Nostalgie baroque, quand tu nous tiens !
Les épreuves du roman "Là où les tigres sont chez eux" n'ont enchanté aucun éditeur. S'ils n'étaient pas perplexes devant le long pseudonyme archaïsant choisi par l'auteur (Roblès a vraiment quelque peu arrangé son nom, en hommage au premier éditeur/imprimeur de "Don Quichotte" de Cervantès), ils étaient ensuite déstabilisés par le pavé irrésumable de presque mille pages, dédié primairement à l'excentrique et aujourd'hui oublié jésuite Athanase Kircher (1601-1680).
Roblès a mis dix ans à écrire son roman, et il en a fallu dix autres avant que les éditions Zulma ne tentent l'aventure... pour le plus grand bonheur des lecteurs.

Un grand nombre de bons romans peuvent être qualifiés d'"irrésumables", sans pourtant être "illisibles", et c'est bien le cas de ces réjouissants "Tigres". Roblès nous propose un gracieux mélange de roman historique et de roman d'aventure, de fable philosophique et de roman psychologique, d'aphorismes, de folklore et de savoir encyclopédique, agrémenté encore par un zeste de cette étrange atmosphère typique pour les auteurs latinoaméricains. Afin que les feuillets de ce brouillon expérimental ne se dispersent pas aux quatre vents, il a fallu trouver une agrafe symbolique pour les retenir : le personnage de Kircher.

Ce "dernier homme de la Renaissance", ou "le Léonard baroque", qui englobe à lui seul tout le savoir de l'époque, mais dont les théories mégalomanes se révélaient systématiquement toutes fausses, rappelle l'émouvante et pathétique figure de Don Quichotte. Ses expériences - déchiffrage rapide des hiéroglyphes égyptiens, ballet exploratif sur un volcan en éruption, calculs des dimensions exactes de l'arche de Noé, machines volantes, miroirs ardents, orgues à chats, culture de toutes sortes d'organismes sur son propre corps - ne sont que des excursions dans les impasses du savoir, pour annoncer à ses successeurs : "Non, les amis, le chemin ne passe pas par là !". Sans le savoir, Kircher était doté de l'aptitude géniale à l'erreur, mais sa curiosité sans borne en fait, paradoxalement, une sorte de fondateur de la véritable science, et un précurseur des futurs Pasteurs et Champollions.
Mais l'aventure de la science moderne et les réflexions sur les chemins tortueux de la connaissance humaine ne sont qu'une des nombreuses dimensions du roman. le plus souvent, Roblès revient vers des questions philosophiques et métaphysiques que se pose son infatigable jésuite. Les destins des autres protagonistes font écho aux méditations de Kircher sur le sens de la vie, la place de l'homme dans le monde et la recherche des Paradis perdus.
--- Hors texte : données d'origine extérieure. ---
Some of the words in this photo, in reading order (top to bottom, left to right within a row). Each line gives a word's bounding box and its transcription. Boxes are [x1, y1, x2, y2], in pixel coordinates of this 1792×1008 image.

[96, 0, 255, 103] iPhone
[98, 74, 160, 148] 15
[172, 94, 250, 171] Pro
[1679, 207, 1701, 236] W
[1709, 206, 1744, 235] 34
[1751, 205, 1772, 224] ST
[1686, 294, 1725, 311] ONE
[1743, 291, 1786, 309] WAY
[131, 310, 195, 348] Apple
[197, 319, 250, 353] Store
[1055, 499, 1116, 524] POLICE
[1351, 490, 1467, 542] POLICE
Deux héros du roman sont directement liés à Kircher. Il s'agit d'Eléazard von Wogau, correspondant brésilien pour un journal français, qui prépare un article sur une curieuse biographie du jésuite, écrite prétendument par son élève et admirateur enthousiaste Caspar Schott. En même temps, son ex-femme Elaine, paléontologue de renom, prépare une expédition dans la jungle à la recherche de fossiles uniques. Expédition malheureuse, qui ne frôlera que trop près les Paradis perdus, quand sa seule chance de survie deviendra une tribu primitive de la forêt vierge, dont les rites confus sont encore liés à... Kircher !
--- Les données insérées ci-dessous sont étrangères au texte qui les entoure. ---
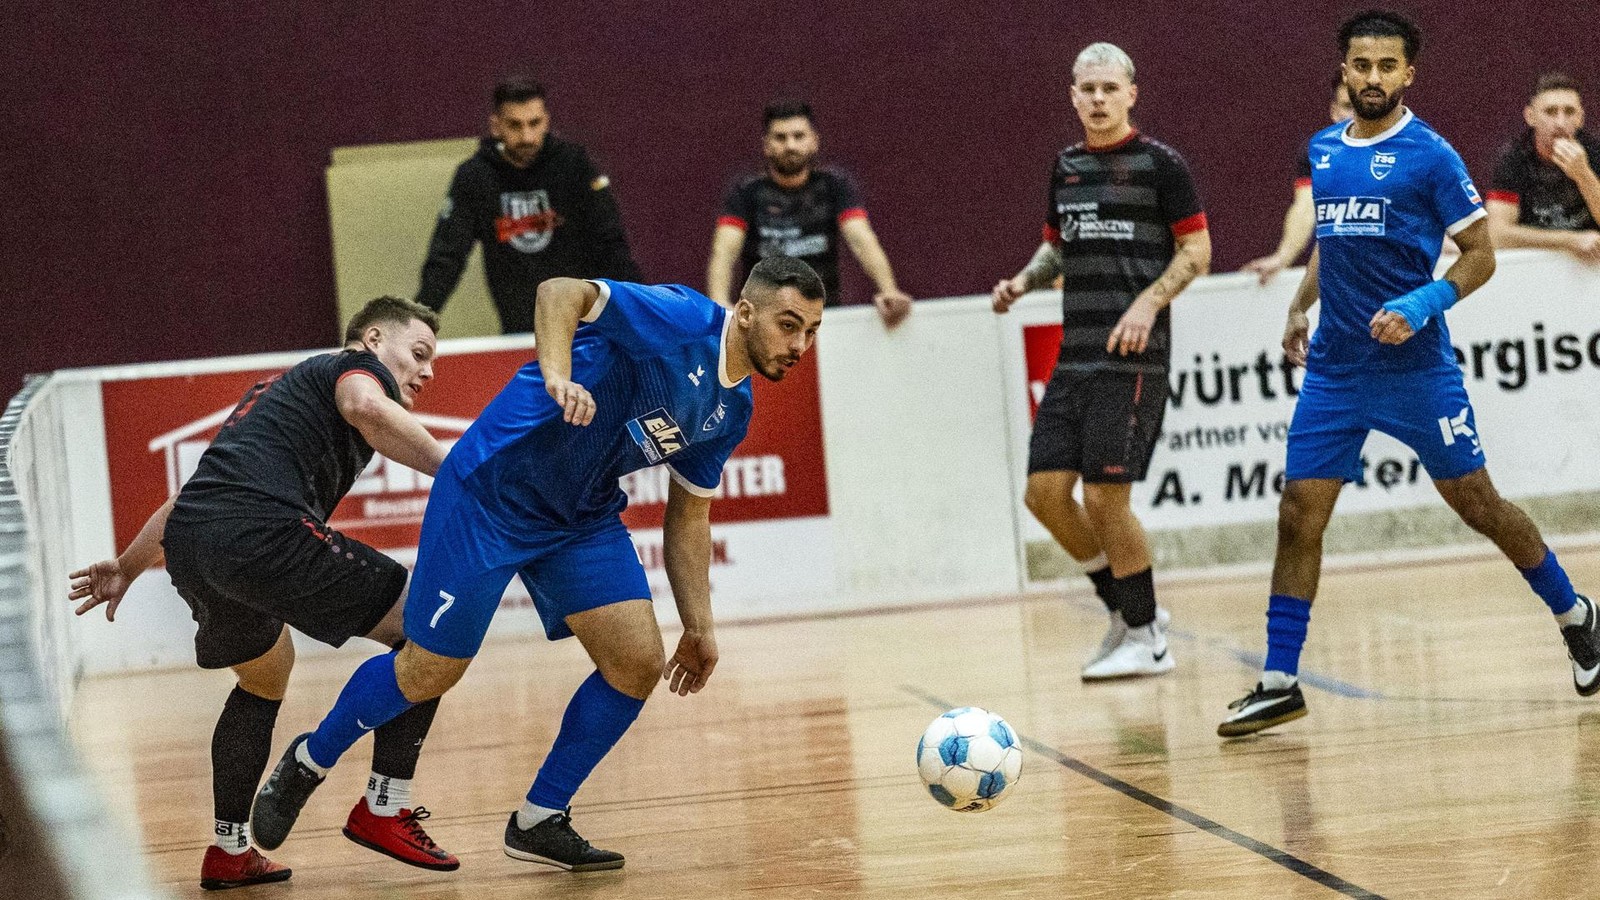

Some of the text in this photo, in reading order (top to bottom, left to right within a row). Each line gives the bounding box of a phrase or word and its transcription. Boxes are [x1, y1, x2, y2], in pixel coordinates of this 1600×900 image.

[1158, 420, 1289, 451] artner vo
[1152, 470, 1200, 507] A.
[429, 589, 456, 629] 7
Le destin des deux autres protagonistes - Moéma, la fille d'Eléazard, qui noie ses rêves naïfs sur le Brésil précolombien dans l'alcool et la drogue, et Nelson, petit truand handicapé qui tisse, dans la misère infinie des favelas, des projets fous sur l'assassinat du gouverneur de l'état de Maranho - sont liés à Kircher seulement par des allusions. D'autant plus amusante est la tâche du lecteur, de chercher des analogies entre les passages du journal de Schott et l'histoire qui se passe au Brésil actuel.
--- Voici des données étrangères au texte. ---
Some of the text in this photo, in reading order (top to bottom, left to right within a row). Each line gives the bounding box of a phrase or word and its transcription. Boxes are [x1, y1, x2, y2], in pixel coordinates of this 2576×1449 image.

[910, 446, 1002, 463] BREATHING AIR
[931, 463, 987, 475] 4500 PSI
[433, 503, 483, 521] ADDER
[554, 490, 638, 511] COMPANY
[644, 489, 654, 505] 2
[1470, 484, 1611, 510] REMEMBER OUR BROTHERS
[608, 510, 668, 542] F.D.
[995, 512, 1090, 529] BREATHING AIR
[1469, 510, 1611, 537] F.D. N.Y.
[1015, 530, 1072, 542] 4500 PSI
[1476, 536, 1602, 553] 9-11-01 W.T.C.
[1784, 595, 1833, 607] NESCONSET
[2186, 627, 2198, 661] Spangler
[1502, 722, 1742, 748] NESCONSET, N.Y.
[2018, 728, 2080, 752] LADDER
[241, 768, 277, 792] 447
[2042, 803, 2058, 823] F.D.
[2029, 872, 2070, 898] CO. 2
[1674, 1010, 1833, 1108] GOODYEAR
Le jeu de Roblès avec l'attention de son lecteur, concrètement les variations diverses sur le "texte dans le texte", fait un peu penser au "Manuscrit" de Potocki ou à la tradition de L'Oulipo. Il suffit de regarder, par exemple, "L'Idolâtre", le poème préféré de Kircher : la fin du roman révèle (ou pas !) que cette méditation spirituelle n'est pas vraiment ce qu'elle semble être, tout comme Kircher lui-même, et tout comme les élans vertueux des protagonistes principaux.
Avec ses jeux littéraires, ses illusions théâtrales et sa logique presque détective, ce livre "baroque" nous entraîne lentement dans le tourbillon des aventures les plus incroyables du corps et de l'esprit.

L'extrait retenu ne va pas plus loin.